With the new year, and the elaborate home security system that was finally fully installed, her outlook was bound to turn around -- and with it her appetite!

 

"Oh love, I know," Emma settled into the rocker in the corner of the nursery and struggled with John's flailing hands as she unbuttoned her blouse. It was early morning and Emma was hurrying so that his crying would not awaken Siobhan. The nanny had been invaluable ever since Steed had been released from the hospital after their return from Venice. She deserved a full night's sleep tonight.

The baby wailed, gasped, and wailed some more until she opened her bra and pressed his face to her breast. The nursery grew quiet as he sucked hungrily on her nipple. She rocked slowly, listening to his breathing and the squeak of the chair. Across the room the Cheshire-cat clock ticked comfortingly.

She stroked his firm little back, closing her eyes to focus on the feel of his mouth on her. All to soon he was squirming again, his little hands kneading her breast. She shifted him, exposing her other nipple to his eager mouth. Tears dripped down her cheeks as she faced the truth: she did not have enough milk to satisfy him. Since his birth she had cherished her time nursing him. The notion of having to give it up, of weaning him so soon, was heartbreaking.

But her body was out of control. She had to regain her strength, and then she would know she could rely on herself to protect John, and, heaven help her, Steed.

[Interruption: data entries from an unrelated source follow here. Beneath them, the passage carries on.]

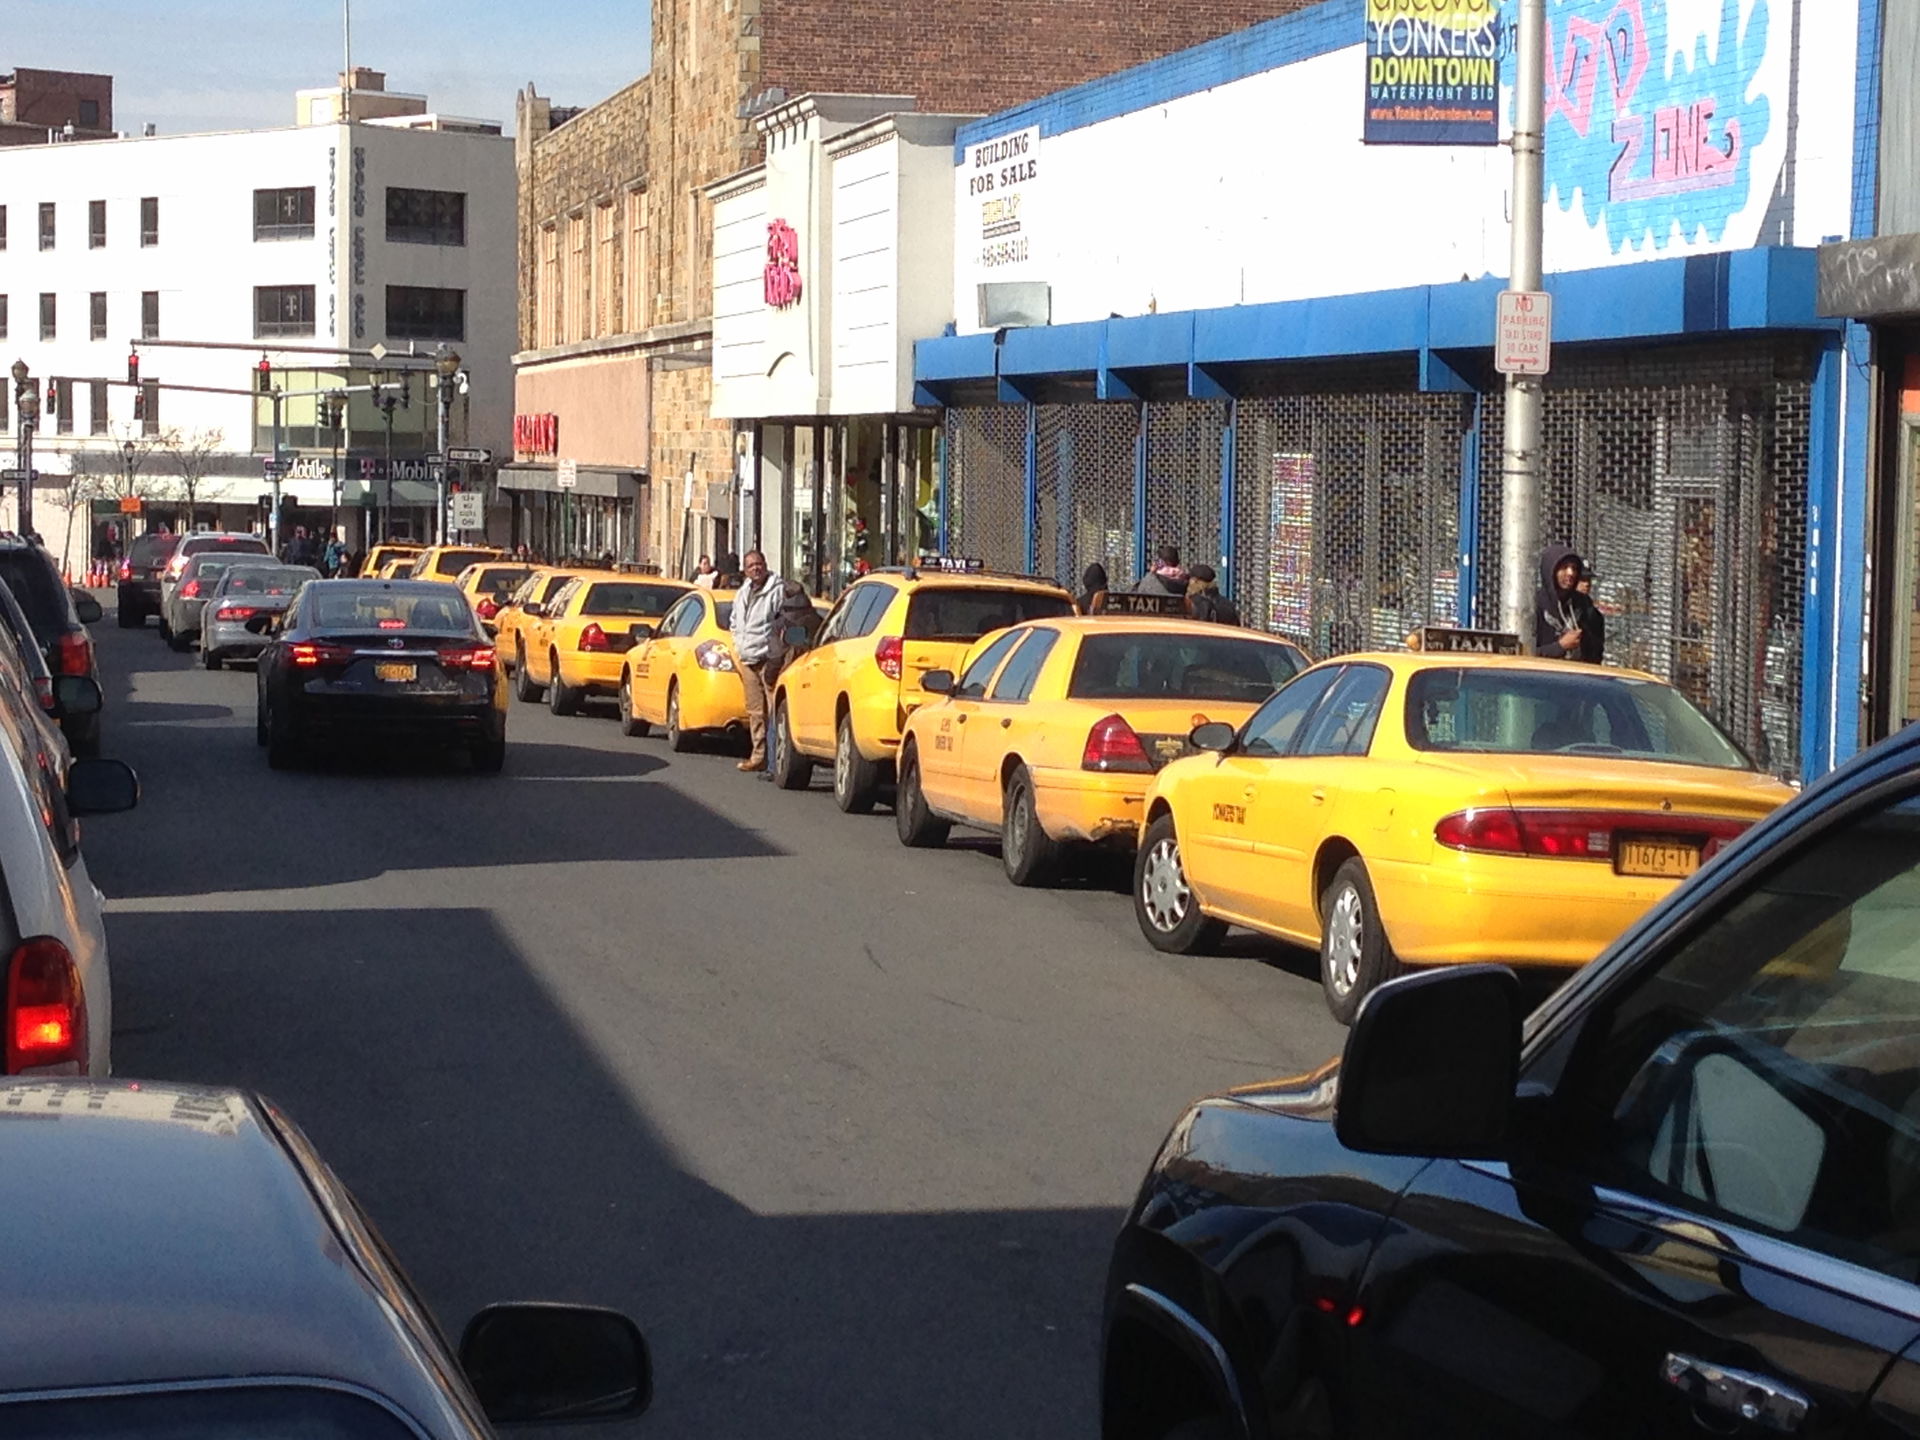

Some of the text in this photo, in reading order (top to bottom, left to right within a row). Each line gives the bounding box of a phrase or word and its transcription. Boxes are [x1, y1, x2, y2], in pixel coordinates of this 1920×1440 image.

[1370, 12, 1496, 57] YONKERS
[1370, 56, 1495, 86] DOWNTOWN
[1370, 86, 1495, 101] WATERFRONT BID
[975, 132, 1029, 169] BUILDING
[970, 159, 1037, 197] FOR SALE
[1515, 297, 1534, 312] NO
[940, 558, 966, 569] TAXI
[1128, 596, 1160, 613] TAXI
[1449, 634, 1493, 652] TAXI

Steed's condition when they brought him back from Venice had for the first time in their long association, left her terrified of the dangers of his job. She had seen him injured before and nursed him back to health, but this time was different. The nightmares he'd suffered from, in which Emma and John were tortured, had been more incapacitating than the injuries. She'd arranged with the ministry to install the most advanced security system that Knight Industries could buy. She'd doubled her time in the gym each day, struggling to build up strength that seemed unwilling to return. And, gradually, Steed had begun to sleep through the night again. The despair she felt now watching her son struggle for his meal was the price of her folly in believing they could be a normal family.